News

Re-wilding

Manon Labrosse and Sharon Van Starkenburg at the City Hall Art Gallery

Maureen Korp

Re-wilding (Retour à l’état sauvage), a new exhibition in the City Hall Art Gallery, shows the work of Manon Labrosse and Sharon Van Starkenburg. The title honours a contemporary conservation strategy aimed at restoring degraded environments – the places where most of us live today.

Manon Labrosse. “Re-Wilding,” 2023
Photo: David Barbour

The large murals of Manon Labrosse together with a few smaller studies fill the first room. Each is a timeless moment of earth energy insight, clarity. In the second and third rooms are Sharon Van Starkenburg’s historically sited installations. They are deeply layered, dated in human history, disguised in mythic iconography.

In their work, the artists are presenting viewers with a question-answer dialectic: How do you know nature? Theoretically? Experientially? A small copper work by Manon Labrosse entitled “Do you want to see yourself in nature?” (2023) asks a key question. In her large murals, the earth is alive, the primal source. “Look at the Sky” (2023), a work of greening energies above and below ground, curves into a skyworld. On the same wall, a second mural pulls us into yellow curving energies moving about an empty white mid-region.
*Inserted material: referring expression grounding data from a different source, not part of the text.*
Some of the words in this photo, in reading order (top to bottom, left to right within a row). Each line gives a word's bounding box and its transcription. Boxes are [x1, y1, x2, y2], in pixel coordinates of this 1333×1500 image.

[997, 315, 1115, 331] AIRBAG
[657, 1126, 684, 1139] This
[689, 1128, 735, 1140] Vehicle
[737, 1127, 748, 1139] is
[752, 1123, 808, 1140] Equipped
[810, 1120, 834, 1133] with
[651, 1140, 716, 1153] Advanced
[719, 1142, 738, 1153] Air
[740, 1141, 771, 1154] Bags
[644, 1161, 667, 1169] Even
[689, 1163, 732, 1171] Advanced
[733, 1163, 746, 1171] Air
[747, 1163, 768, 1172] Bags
The work is entitled “because she is nowhere definite, she could be anywhere” (2023).

When one actively begins to see light and shadow, it becomes easier to see more. Even in this room, the sunlit shadow grid of the window moves across the gallery floor.
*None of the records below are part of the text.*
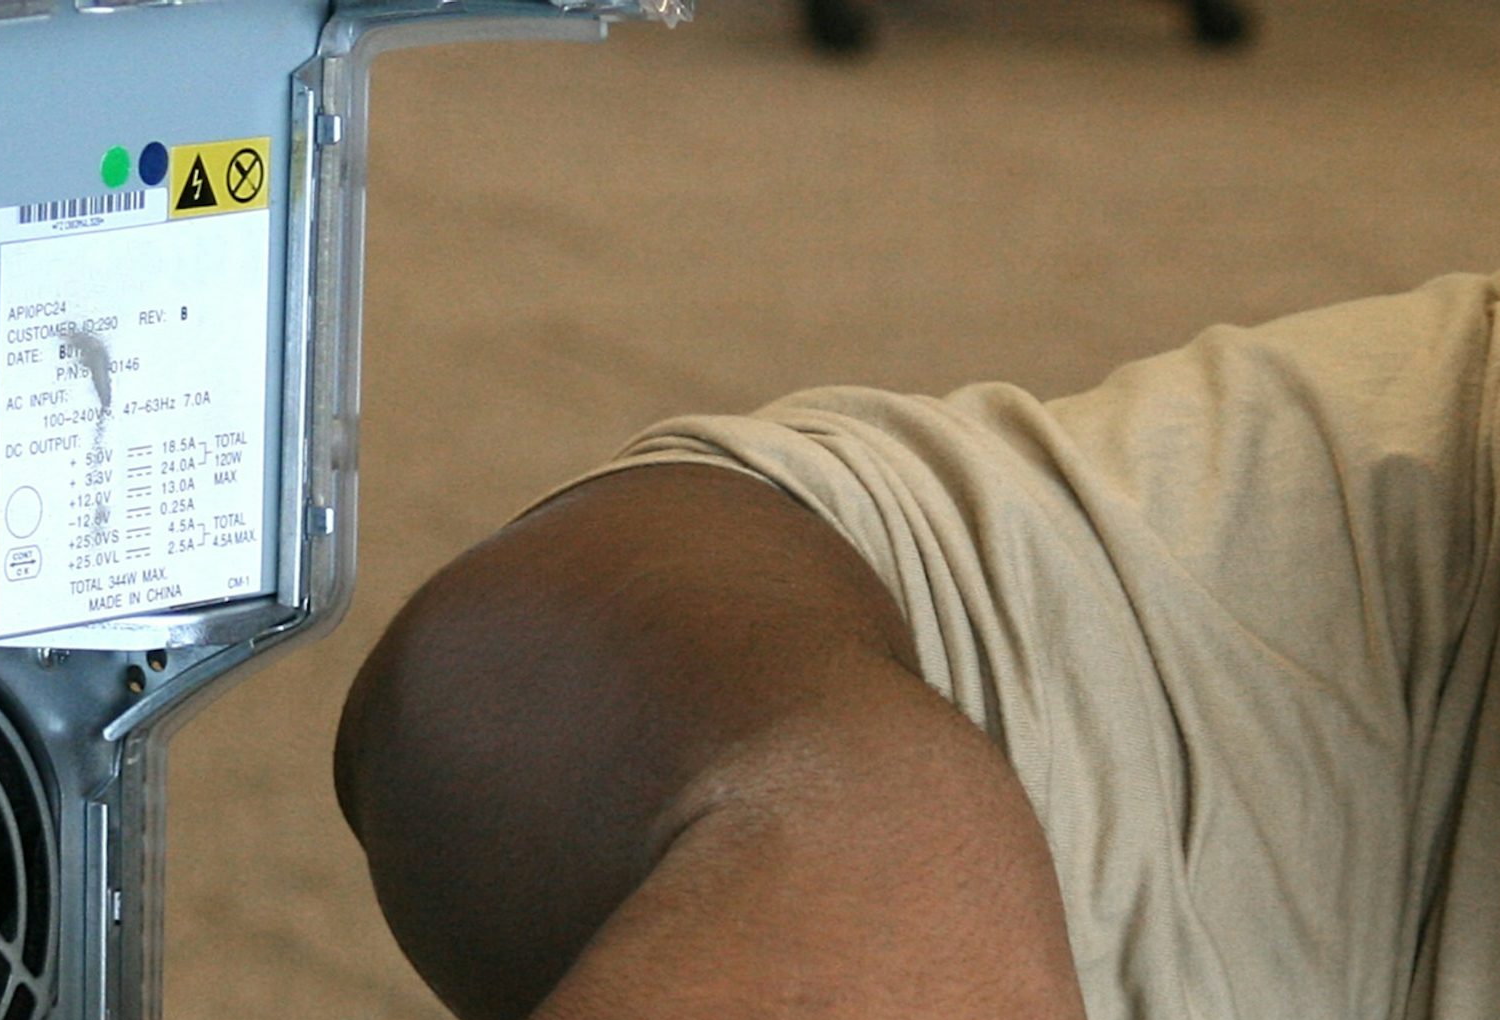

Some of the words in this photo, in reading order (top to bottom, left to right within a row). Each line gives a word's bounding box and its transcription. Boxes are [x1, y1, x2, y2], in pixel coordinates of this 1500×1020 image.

[138, 309, 167, 326] REV:
[7, 322, 77, 344] CUSTOMER
[6, 348, 43, 367] DATE:
[5, 396, 23, 412] AC
[29, 389, 69, 408] INPUT:
[122, 398, 177, 416] 47-63Hz
[183, 391, 212, 408] 7.0A
[5, 443, 23, 459] DC
[29, 434, 82, 456] OUTPUT:
[161, 436, 197, 455] 18.5A
[214, 431, 248, 449] TOTAL
[160, 456, 196, 475] 24.0A
[214, 451, 243, 467] 120W
[213, 470, 238, 486] MAX
[69, 490, 112, 509] +12.0V
[161, 477, 196, 495] 13.0A
[159, 498, 195, 516] 0.25A
[167, 517, 196, 534] 4.5A
[213, 512, 246, 530] TOTAL
[68, 551, 120, 571] +25.0VL
[167, 538, 195, 555] 2.5A
[69, 578, 104, 595] TOTAL
[107, 571, 138, 590] 344W
[88, 595, 123, 612] MADE
[128, 592, 141, 606] IN
[145, 585, 183, 603] CHINA
Manon Labrosse’s murals are not of any particular time or place. They are apparitions, the hypnagogic recall of experiential moments when one felt intensely the respective energies of sea, sky, and land; in that moment, one knew that the place was alive. The largest mural in the room is entitled “Re-Wilding” (2023). It is an active landscape of energies curving about a pond, a goodly lot of vegetation, and even a long-tailed critter. We look up, down, and sideways to see it all. With smaller work, as in the panels of “Metempsychosis 1, II” (2023), or that of “Pond” (2023), we are pulled in even closer to see more. All is part of the whole.

Sharon Van Starkenburg.
“Metamorphosis,” 2023.
Photo: David Barbour

In the next two rooms, Sharon Van Starkenburg’s work takes us along trails of time-factored ideas, understandings, and perspectives, all of which wrapped thickly in doctrine and story.
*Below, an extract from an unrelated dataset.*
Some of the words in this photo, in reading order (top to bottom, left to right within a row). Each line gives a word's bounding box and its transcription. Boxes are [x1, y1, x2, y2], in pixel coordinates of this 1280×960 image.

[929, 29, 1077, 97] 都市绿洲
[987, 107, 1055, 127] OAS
The artist has searched her histories well. When a people are conquered, colonized by another, what happens to the stories of both groups? In “Guide to Re-Wilding” (2023), three mixed-media collages present several possibilities. The series can be read left to right historically, or perhaps reversed is what may be the case one day. In “Desire Path,” two figures are hidden in the sticks, a built house in the distance. In “Secret” people are seen feasting. On what? Human teeth are in the tapestry. “Benediction” is a landscape. The church is X-ed out, its cross lost. Is it now a sun symbol? Green hearts grow in the messy vegetation.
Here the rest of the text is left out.